The Messy Future of Memory-Editing Drugs - I was interviewed by Brandon Keim about memory editing. His angle, which I agree with, is that it is unlikely to work as neatly as in sf (which resulted in this short list of memory-sf stories as an aside). We will have side effects, limited efficiency, affecting other memories and, most importantly, emergent effects that we cannot currently predict. This doesn't mean it will be bad or dangerous, but it is likely to be much messier than we like to think. For example, my and Matt's paper on memory editing ethics explicitly assumes that the technology works as advertised - because to do otherwise would make the philosophy hard to do. In stories, unless the flaws of technology are used to add to the setting or form a plot point, it is the flawless working of memory modification that usually is the key plot point.
Maybe science fiction is biasing us to think that technology either works exactly like it should or that it is totally flawed. Think of the Star Trek transporter, which seems to be perfectly safe except for when it kills, merges or dimensionally translocates people. Real technology is different: it acts up every day, often in minor ways. Cars have become safer in many ways, but airbags can hurt you anyway. I'm using a fantastically advanced word processor that cannot (easily) paste text without formatting it like on the originating webpage, and suggests mistaken grammatical errors. Keycards work - except when they stop working for obscure reasons. And so on.
In reality we muddle through. We can use imperfect technology, find ways around the problems (the main door doesn't let me in? I use the side door, which does), accept some limitations and often solve problems by adding new layers with their own problems (how much of our processing power is used by antiviral software?) Usually new technologies introduce completely logical but hard-to-predict problems (spam follows logically from the email model we choose; airplanes are by their nature potential projectiles) that we then spend energy solving.
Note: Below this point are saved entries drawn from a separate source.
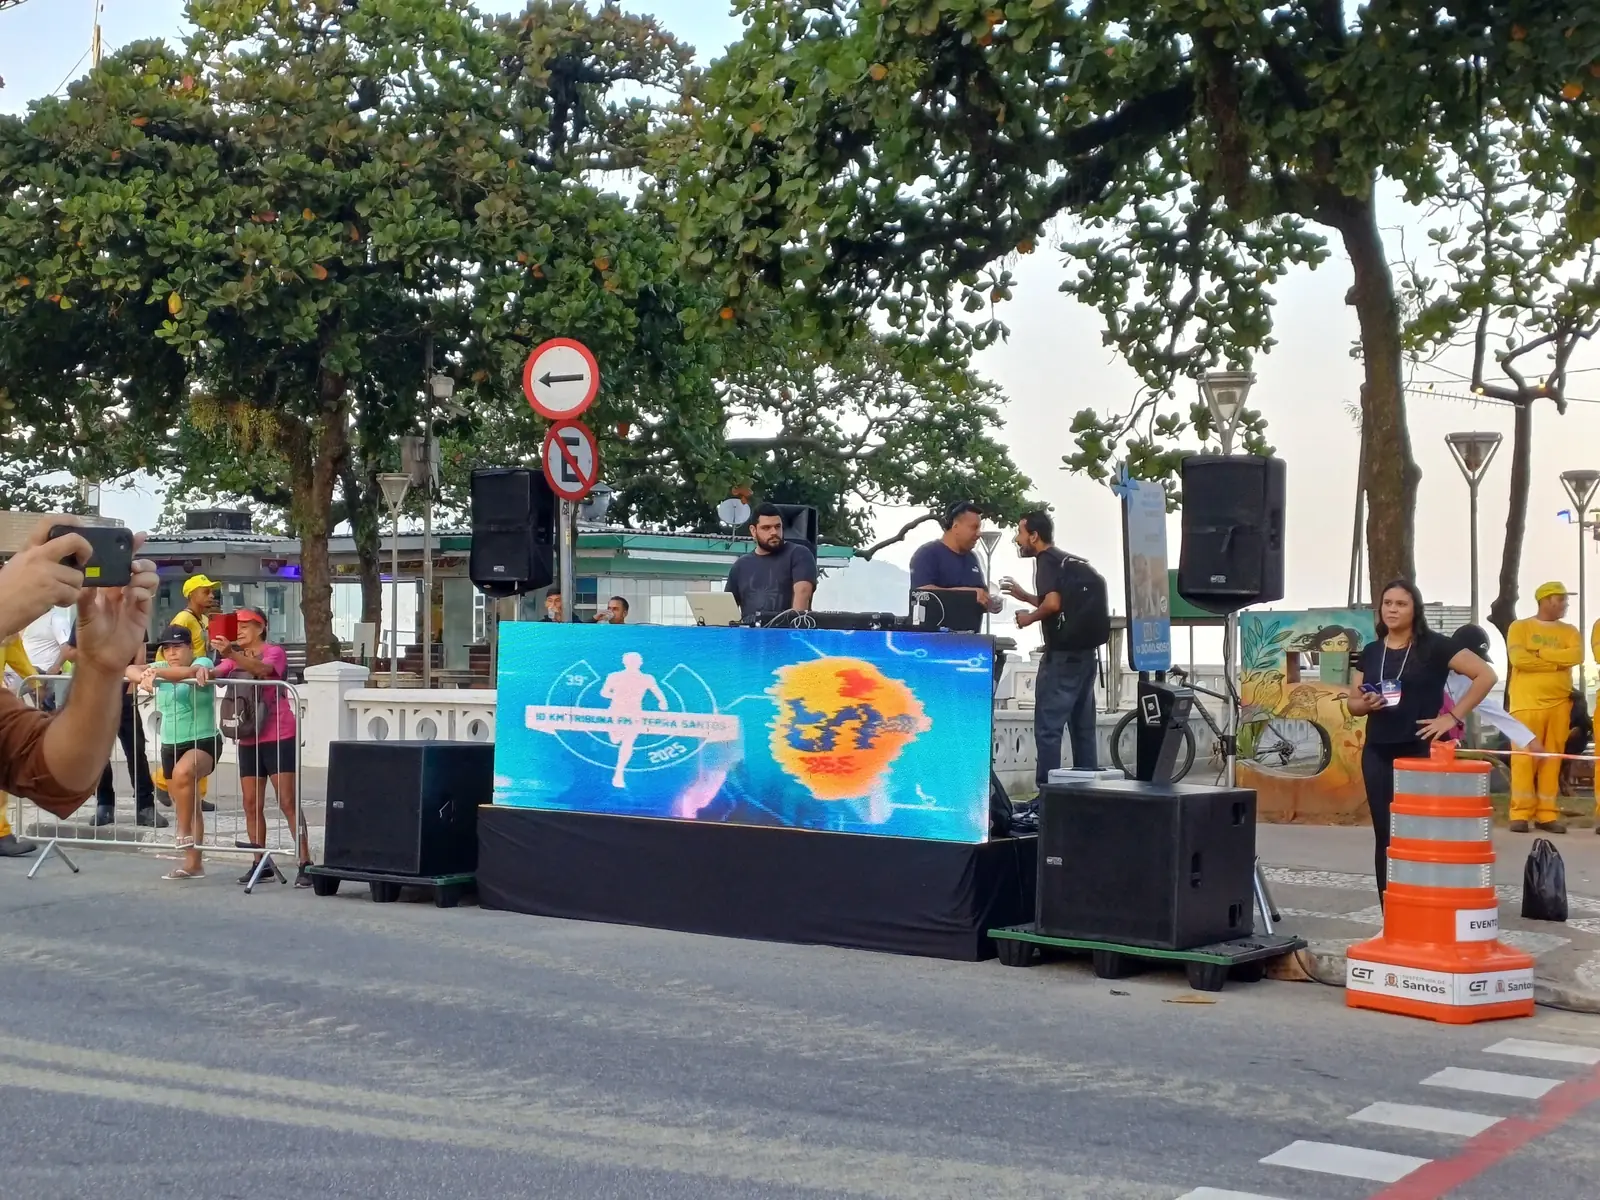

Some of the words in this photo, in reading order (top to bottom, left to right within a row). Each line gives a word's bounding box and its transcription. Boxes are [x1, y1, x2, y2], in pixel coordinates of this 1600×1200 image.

[549, 713, 564, 721] KM
[567, 713, 613, 724] TRIBUNA
[681, 719, 726, 730] SANTOS
[648, 742, 687, 763] 2025
[1352, 967, 1374, 979] CET
[1402, 979, 1446, 994] Santos
[1469, 980, 1488, 992] CET
There is no reason to think we can design ourself out of this except in very special cases - design takes much time, intelligence and energy, and is limited by the combinatorial explosion of possible interactions in the real world.
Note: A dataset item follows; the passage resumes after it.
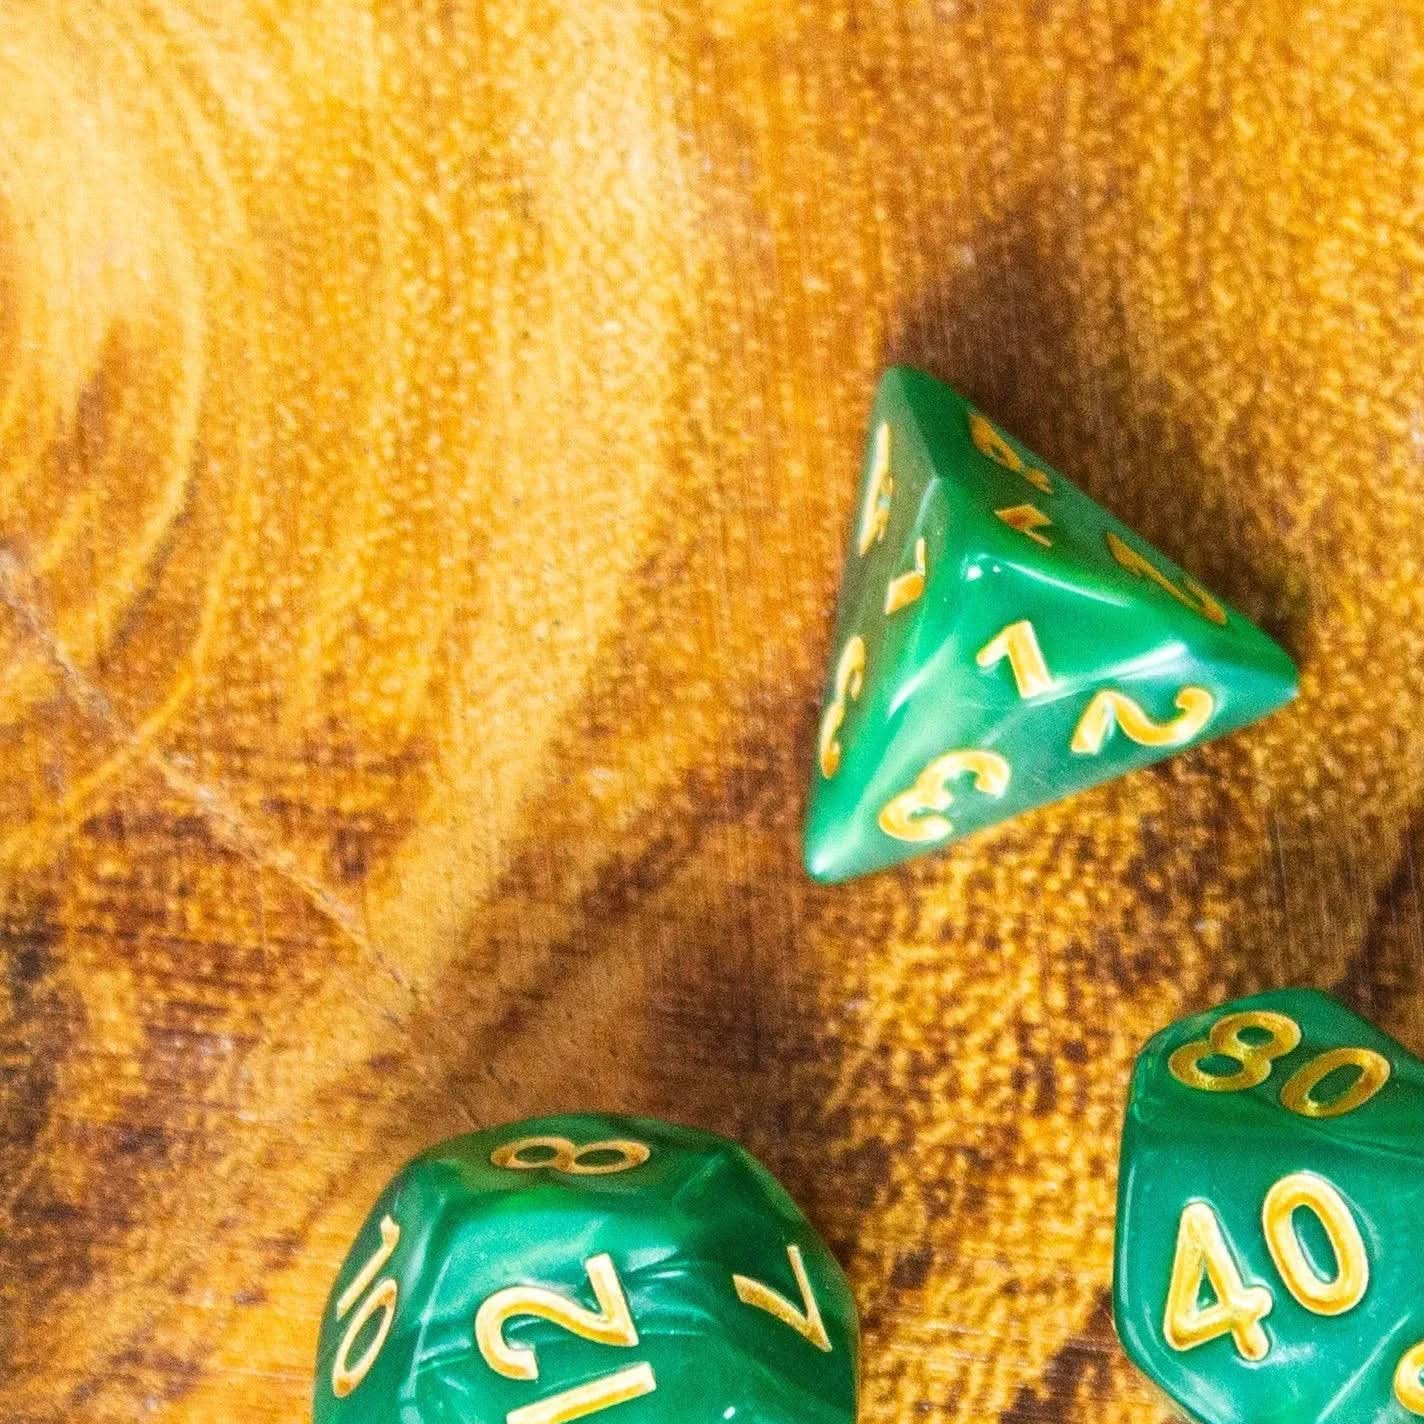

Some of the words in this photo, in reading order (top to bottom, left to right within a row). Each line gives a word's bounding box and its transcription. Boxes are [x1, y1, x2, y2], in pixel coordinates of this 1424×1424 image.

In the end, I think Joel Garreau was right in Radical Evolution when he predicted that instead of a clean singularity or apocalypse we are just going to muddle through the transition to a technologically transformed species. But that should not be a comforting thought: muddling through still requires a lot of hard work.
In the case of memory editing there is a lot of research that needs to be done, not just in neuroscience but in applied psychology. The best ways of using it are probably something like hybrids of cognitive behavior therapy and judicious applications of memory-altering drugs. But how to do that, how to measure results, how to decide what alterations produce the best outcomes - that is going to be very tricky. And we are going to learn a lot simply by failing in various ways.
But who wants a sf story where the protagonist has a non-working memory treatment, followed by four others that kind of work before finally finding a solution using a completely different method? Almost Total Recall?